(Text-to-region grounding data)
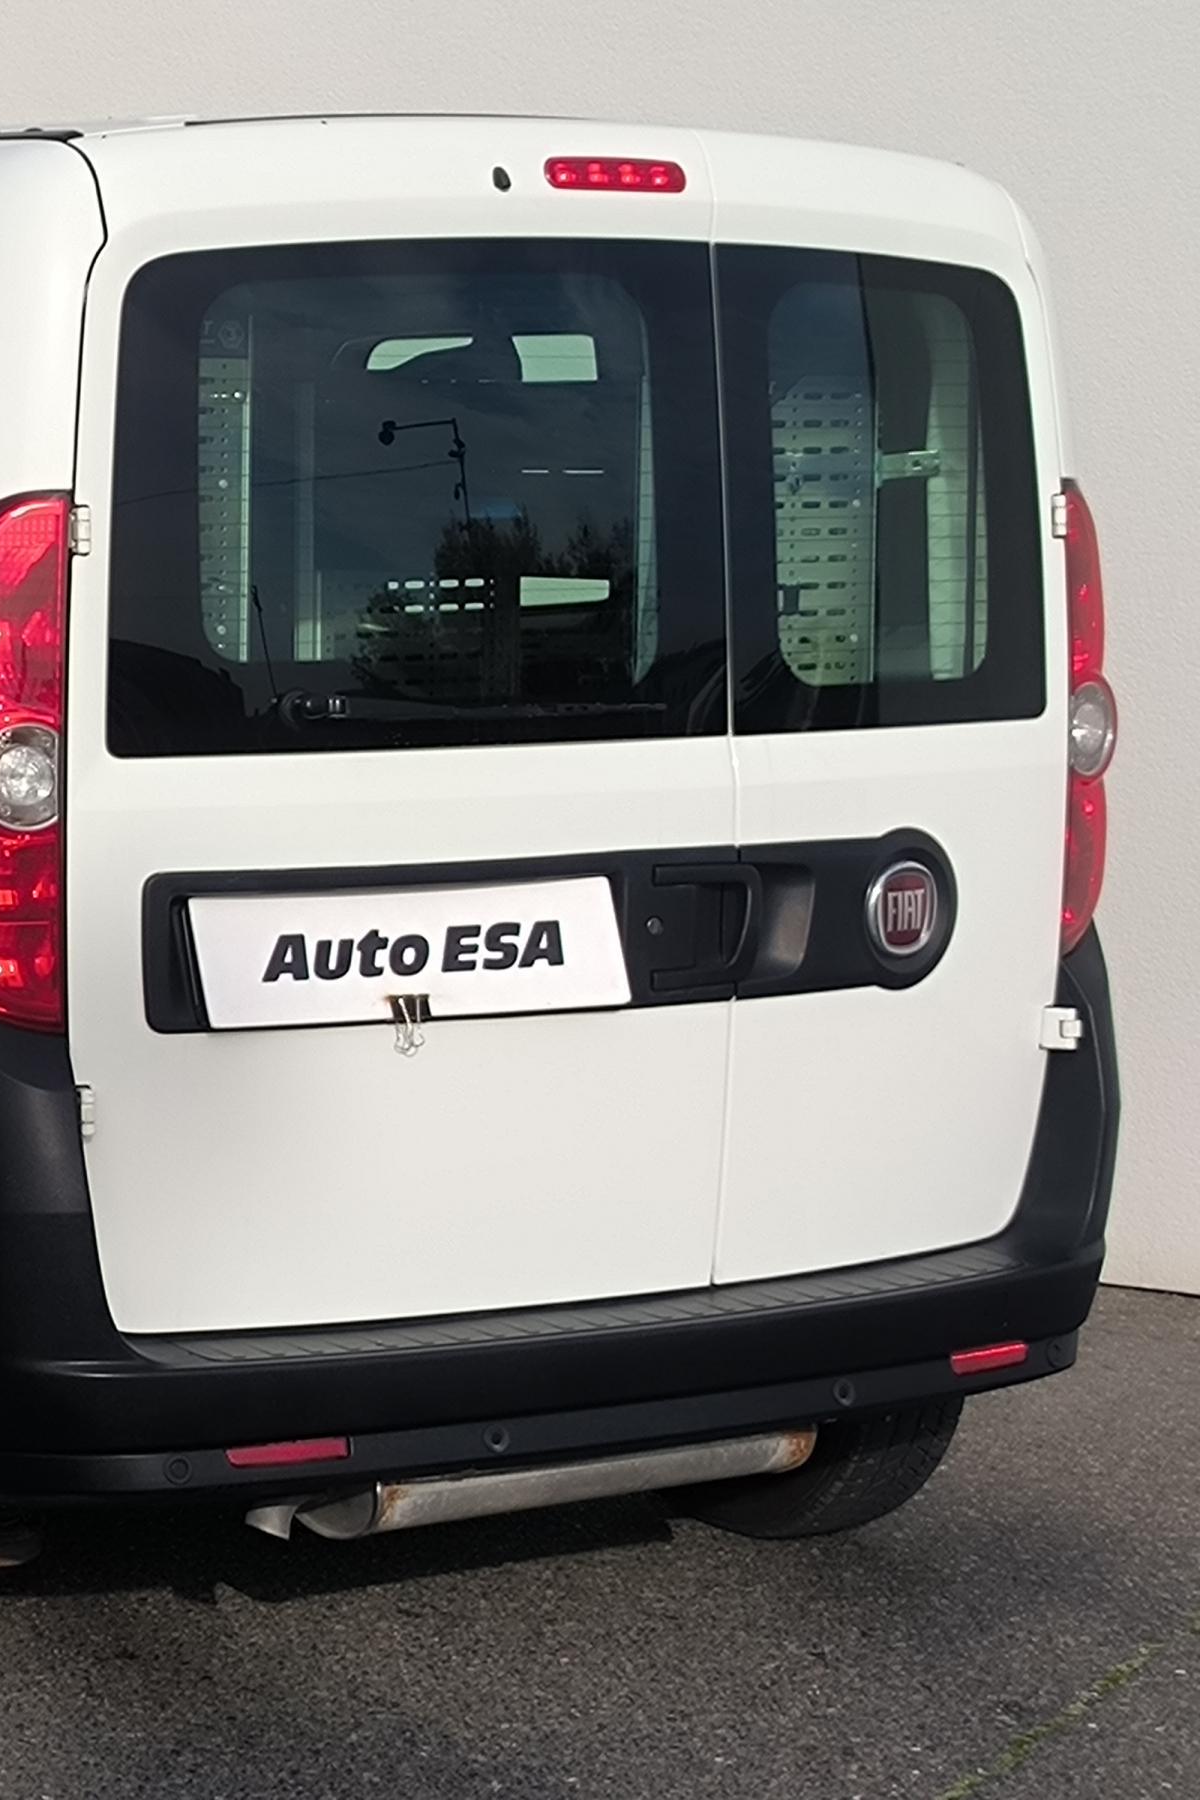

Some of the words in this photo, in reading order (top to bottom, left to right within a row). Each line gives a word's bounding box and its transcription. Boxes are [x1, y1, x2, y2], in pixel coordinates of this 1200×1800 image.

[886, 888, 925, 933] FIAT
[261, 929, 430, 983] Auto
[441, 920, 565, 973] ESA
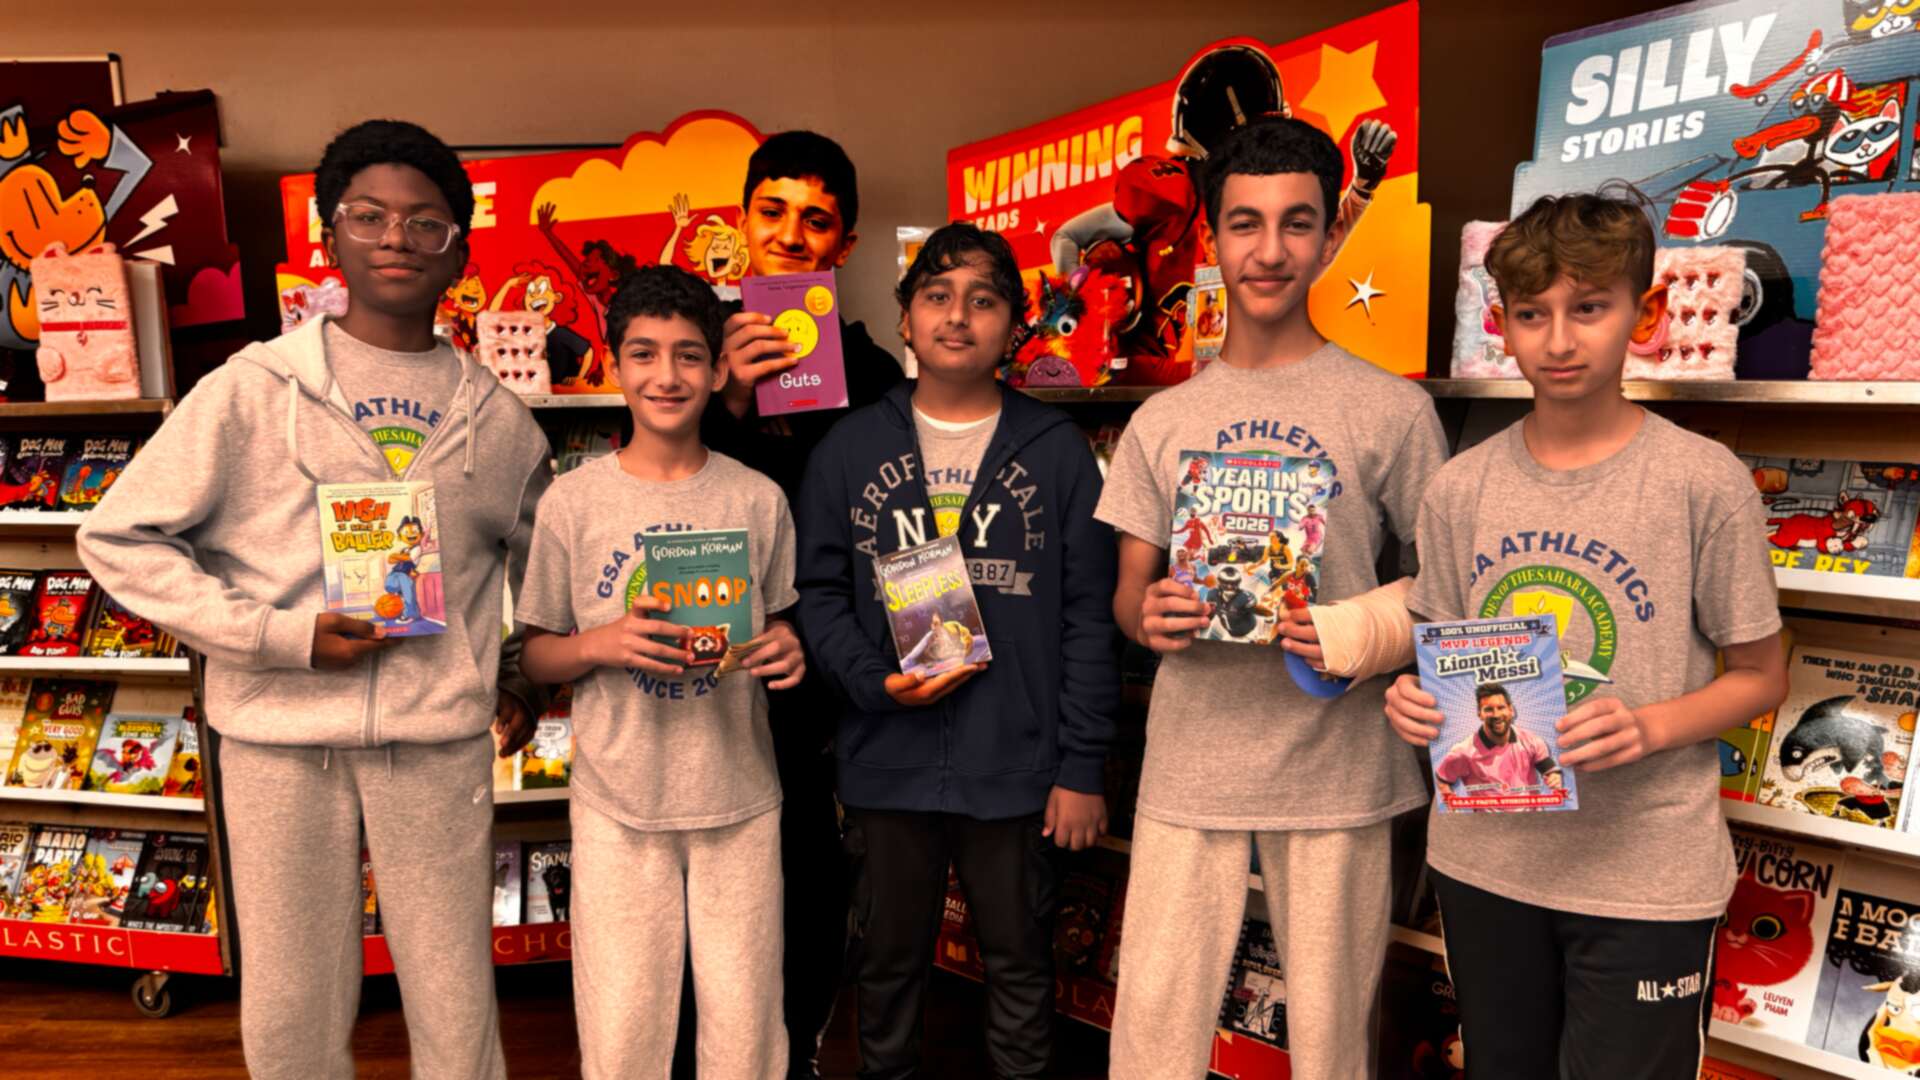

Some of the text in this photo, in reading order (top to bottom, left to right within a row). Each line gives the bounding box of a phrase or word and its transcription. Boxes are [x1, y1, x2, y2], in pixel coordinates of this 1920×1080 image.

[1565, 13, 1777, 126] SILLY
[1561, 111, 1705, 162] STORIES
[963, 116, 1143, 214] WINNING
[972, 209, 1020, 232] EADS
[779, 372, 822, 389] Guts
[1211, 466, 1298, 491] YEAR IN
[331, 498, 391, 522] WISH
[1195, 486, 1310, 524] SPORTS
[1225, 516, 1270, 533] 2026
[331, 531, 394, 552] BALLER
[652, 541, 744, 561] GORDON KORMAN
[47, 577, 70, 591] DOG
[597, 550, 630, 598] GSA
[1500, 530, 1656, 623] ATHLETICS
[652, 575, 748, 608] SNOOP
[884, 570, 964, 613] SLEEPLESS
[1466, 622, 1528, 634] UNOFFICIAL
[1440, 635, 1531, 649] MVP LEGENDS
[1438, 649, 1500, 673] Lionel
[1478, 659, 1537, 682] Messi
[1801, 655, 1915, 679] THERE WAS AN OLD
[1825, 669, 1855, 681] WHO
[1856, 684, 1866, 694] A
[37, 832, 87, 850] MARIO
[34, 847, 83, 866] PARTY
[1758, 853, 1834, 899] CORN
[1636, 972, 1702, 1001] ALL STAR
[1763, 991, 1794, 1007] LEUYEN
[1764, 1002, 1789, 1017] PHAM

Required work -> Each entry should be set down exactly, pictures excluded.

Task answer ->
Some of the words in this photo, in reading order (top to bottom, left to right within a row). Each line gives a word's bounding box and its transcription. Boxes are [x1, y1, x2, y2], in pixel coordinates of this 1200×1800 image.

[886, 888, 925, 933] FIAT
[261, 929, 430, 983] Auto
[441, 920, 565, 973] ESA

Some of the text in this photo, in reading order (top to bottom, left to right within a row). Each line gives the bounding box of a phrase or word and its transcription. Boxes are [x1, y1, x2, y2], in pixel coordinates of this 1920×1080 image.

[1565, 13, 1777, 126] SILLY
[1561, 111, 1705, 162] STORIES
[963, 116, 1143, 214] WINNING
[972, 209, 1020, 232] EADS
[779, 372, 822, 389] Guts
[1211, 466, 1298, 491] YEAR IN
[331, 498, 391, 522] WISH
[1195, 486, 1310, 524] SPORTS
[1225, 516, 1270, 533] 2026
[331, 531, 394, 552] BALLER
[652, 541, 744, 561] GORDON KORMAN
[47, 577, 70, 591] DOG
[597, 550, 630, 598] GSA
[1500, 530, 1656, 623] ATHLETICS
[652, 575, 748, 608] SNOOP
[884, 570, 964, 613] SLEEPLESS
[1466, 622, 1528, 634] UNOFFICIAL
[1440, 635, 1531, 649] MVP LEGENDS
[1438, 649, 1500, 673] Lionel
[1478, 659, 1537, 682] Messi
[1801, 655, 1915, 679] THERE WAS AN OLD
[1825, 669, 1855, 681] WHO
[1856, 684, 1866, 694] A
[37, 832, 87, 850] MARIO
[34, 847, 83, 866] PARTY
[1758, 853, 1834, 899] CORN
[1636, 972, 1702, 1001] ALL STAR
[1763, 991, 1794, 1007] LEUYEN
[1764, 1002, 1789, 1017] PHAM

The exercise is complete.